*** Block opens ***
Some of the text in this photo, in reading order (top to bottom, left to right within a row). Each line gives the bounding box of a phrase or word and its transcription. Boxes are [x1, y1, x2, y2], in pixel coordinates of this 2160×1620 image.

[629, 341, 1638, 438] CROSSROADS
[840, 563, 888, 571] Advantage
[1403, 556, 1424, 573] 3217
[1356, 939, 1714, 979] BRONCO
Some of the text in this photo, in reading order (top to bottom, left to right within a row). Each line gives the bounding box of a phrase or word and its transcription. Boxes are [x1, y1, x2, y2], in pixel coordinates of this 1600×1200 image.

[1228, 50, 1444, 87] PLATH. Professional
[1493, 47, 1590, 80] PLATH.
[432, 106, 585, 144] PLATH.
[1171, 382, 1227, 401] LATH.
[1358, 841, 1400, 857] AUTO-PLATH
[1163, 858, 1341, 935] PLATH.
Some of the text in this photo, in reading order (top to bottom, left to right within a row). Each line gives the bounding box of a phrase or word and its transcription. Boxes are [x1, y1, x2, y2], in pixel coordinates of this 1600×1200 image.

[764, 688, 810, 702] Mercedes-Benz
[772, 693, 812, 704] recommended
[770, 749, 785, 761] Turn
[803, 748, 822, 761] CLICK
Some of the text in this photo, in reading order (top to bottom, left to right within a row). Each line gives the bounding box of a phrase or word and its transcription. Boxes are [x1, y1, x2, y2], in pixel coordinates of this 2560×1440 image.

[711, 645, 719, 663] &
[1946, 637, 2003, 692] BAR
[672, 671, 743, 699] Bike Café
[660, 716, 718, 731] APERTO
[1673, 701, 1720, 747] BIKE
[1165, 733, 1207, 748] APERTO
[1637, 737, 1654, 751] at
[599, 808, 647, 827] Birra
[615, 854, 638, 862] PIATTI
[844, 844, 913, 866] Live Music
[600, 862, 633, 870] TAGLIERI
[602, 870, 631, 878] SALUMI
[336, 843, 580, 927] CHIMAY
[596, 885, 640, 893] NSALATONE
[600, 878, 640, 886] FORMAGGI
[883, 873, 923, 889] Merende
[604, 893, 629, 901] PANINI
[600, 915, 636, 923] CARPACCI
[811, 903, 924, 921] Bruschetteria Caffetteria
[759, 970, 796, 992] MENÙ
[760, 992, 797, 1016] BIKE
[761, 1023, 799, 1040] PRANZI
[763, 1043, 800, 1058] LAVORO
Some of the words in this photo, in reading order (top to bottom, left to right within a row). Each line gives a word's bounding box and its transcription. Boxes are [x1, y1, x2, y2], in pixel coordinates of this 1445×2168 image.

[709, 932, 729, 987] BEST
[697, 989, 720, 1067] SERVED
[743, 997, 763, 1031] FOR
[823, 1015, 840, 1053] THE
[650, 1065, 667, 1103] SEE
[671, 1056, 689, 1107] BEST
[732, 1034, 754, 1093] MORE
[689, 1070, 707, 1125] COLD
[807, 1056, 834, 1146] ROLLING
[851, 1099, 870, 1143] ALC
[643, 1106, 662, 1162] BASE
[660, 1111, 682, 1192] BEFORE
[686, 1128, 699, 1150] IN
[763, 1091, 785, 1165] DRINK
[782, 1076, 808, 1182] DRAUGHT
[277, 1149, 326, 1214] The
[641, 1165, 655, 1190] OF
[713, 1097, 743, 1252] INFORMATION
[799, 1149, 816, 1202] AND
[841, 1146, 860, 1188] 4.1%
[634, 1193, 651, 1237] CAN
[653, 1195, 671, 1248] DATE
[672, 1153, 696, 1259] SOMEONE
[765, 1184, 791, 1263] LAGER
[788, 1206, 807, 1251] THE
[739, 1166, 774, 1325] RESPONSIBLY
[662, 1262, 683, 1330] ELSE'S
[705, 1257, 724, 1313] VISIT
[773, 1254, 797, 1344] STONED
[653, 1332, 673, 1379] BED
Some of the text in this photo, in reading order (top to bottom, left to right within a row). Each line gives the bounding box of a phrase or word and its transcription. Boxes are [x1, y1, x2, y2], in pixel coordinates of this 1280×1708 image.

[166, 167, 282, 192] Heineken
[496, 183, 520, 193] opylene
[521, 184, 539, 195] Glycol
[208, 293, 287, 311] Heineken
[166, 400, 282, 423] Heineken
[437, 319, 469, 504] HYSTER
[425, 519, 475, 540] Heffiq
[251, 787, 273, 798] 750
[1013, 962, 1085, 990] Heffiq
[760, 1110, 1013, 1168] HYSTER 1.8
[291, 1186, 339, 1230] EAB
*** Block closes ***
_EXERCISE DETAILS:_ Your answer must be the complete data, repeated word for word.

_TASK RESPONSE:_
Some of the text in this photo, in reading order (top to bottom, left to right within a row). Each line gives the bounding box of a phrase or word and its transcription. Boxes are [x1, y1, x2, y2], in pixel coordinates of this 2160×1620 image.

[629, 341, 1638, 438] CROSSROADS
[840, 563, 888, 571] Advantage
[1403, 556, 1424, 573] 3217
[1356, 939, 1714, 979] BRONCO
Some of the text in this photo, in reading order (top to bottom, left to right within a row). Each line gives the bounding box of a phrase or word and its transcription. Boxes are [x1, y1, x2, y2], in pixel coordinates of this 1600×1200 image.

[1228, 50, 1444, 87] PLATH. Professional
[1493, 47, 1590, 80] PLATH.
[432, 106, 585, 144] PLATH.
[1171, 382, 1227, 401] LATH.
[1358, 841, 1400, 857] AUTO-PLATH
[1163, 858, 1341, 935] PLATH.
Some of the text in this photo, in reading order (top to bottom, left to right within a row). Each line gives the bounding box of a phrase or word and its transcription. Boxes are [x1, y1, x2, y2], in pixel coordinates of this 1600×1200 image.

[764, 688, 810, 702] Mercedes-Benz
[772, 693, 812, 704] recommended
[770, 749, 785, 761] Turn
[803, 748, 822, 761] CLICK
Some of the text in this photo, in reading order (top to bottom, left to right within a row). Each line gives the bounding box of a phrase or word and its transcription. Boxes are [x1, y1, x2, y2], in pixel coordinates of this 2560×1440 image.

[711, 645, 719, 663] &
[1946, 637, 2003, 692] BAR
[672, 671, 743, 699] Bike Café
[660, 716, 718, 731] APERTO
[1673, 701, 1720, 747] BIKE
[1165, 733, 1207, 748] APERTO
[1637, 737, 1654, 751] at
[599, 808, 647, 827] Birra
[615, 854, 638, 862] PIATTI
[844, 844, 913, 866] Live Music
[600, 862, 633, 870] TAGLIERI
[602, 870, 631, 878] SALUMI
[336, 843, 580, 927] CHIMAY
[596, 885, 640, 893] NSALATONE
[600, 878, 640, 886] FORMAGGI
[883, 873, 923, 889] Merende
[604, 893, 629, 901] PANINI
[600, 915, 636, 923] CARPACCI
[811, 903, 924, 921] Bruschetteria Caffetteria
[759, 970, 796, 992] MENÙ
[760, 992, 797, 1016] BIKE
[761, 1023, 799, 1040] PRANZI
[763, 1043, 800, 1058] LAVORO
Some of the words in this photo, in reading order (top to bottom, left to right within a row). Each line gives a word's bounding box and its transcription. Boxes are [x1, y1, x2, y2], in pixel coordinates of this 1445×2168 image.

[709, 932, 729, 987] BEST
[697, 989, 720, 1067] SERVED
[743, 997, 763, 1031] FOR
[823, 1015, 840, 1053] THE
[650, 1065, 667, 1103] SEE
[671, 1056, 689, 1107] BEST
[732, 1034, 754, 1093] MORE
[689, 1070, 707, 1125] COLD
[807, 1056, 834, 1146] ROLLING
[851, 1099, 870, 1143] ALC
[643, 1106, 662, 1162] BASE
[660, 1111, 682, 1192] BEFORE
[686, 1128, 699, 1150] IN
[763, 1091, 785, 1165] DRINK
[782, 1076, 808, 1182] DRAUGHT
[277, 1149, 326, 1214] The
[641, 1165, 655, 1190] OF
[713, 1097, 743, 1252] INFORMATION
[799, 1149, 816, 1202] AND
[841, 1146, 860, 1188] 4.1%
[634, 1193, 651, 1237] CAN
[653, 1195, 671, 1248] DATE
[672, 1153, 696, 1259] SOMEONE
[765, 1184, 791, 1263] LAGER
[788, 1206, 807, 1251] THE
[739, 1166, 774, 1325] RESPONSIBLY
[662, 1262, 683, 1330] ELSE'S
[705, 1257, 724, 1313] VISIT
[773, 1254, 797, 1344] STONED
[653, 1332, 673, 1379] BED
Some of the text in this photo, in reading order (top to bottom, left to right within a row). Each line gives the bounding box of a phrase or word and its transcription. Boxes are [x1, y1, x2, y2], in pixel coordinates of this 1280×1708 image.

[166, 167, 282, 192] Heineken
[496, 183, 520, 193] opylene
[521, 184, 539, 195] Glycol
[208, 293, 287, 311] Heineken
[166, 400, 282, 423] Heineken
[437, 319, 469, 504] HYSTER
[425, 519, 475, 540] Heffiq
[251, 787, 273, 798] 750
[1013, 962, 1085, 990] Heffiq
[760, 1110, 1013, 1168] HYSTER 1.8
[291, 1186, 339, 1230] EAB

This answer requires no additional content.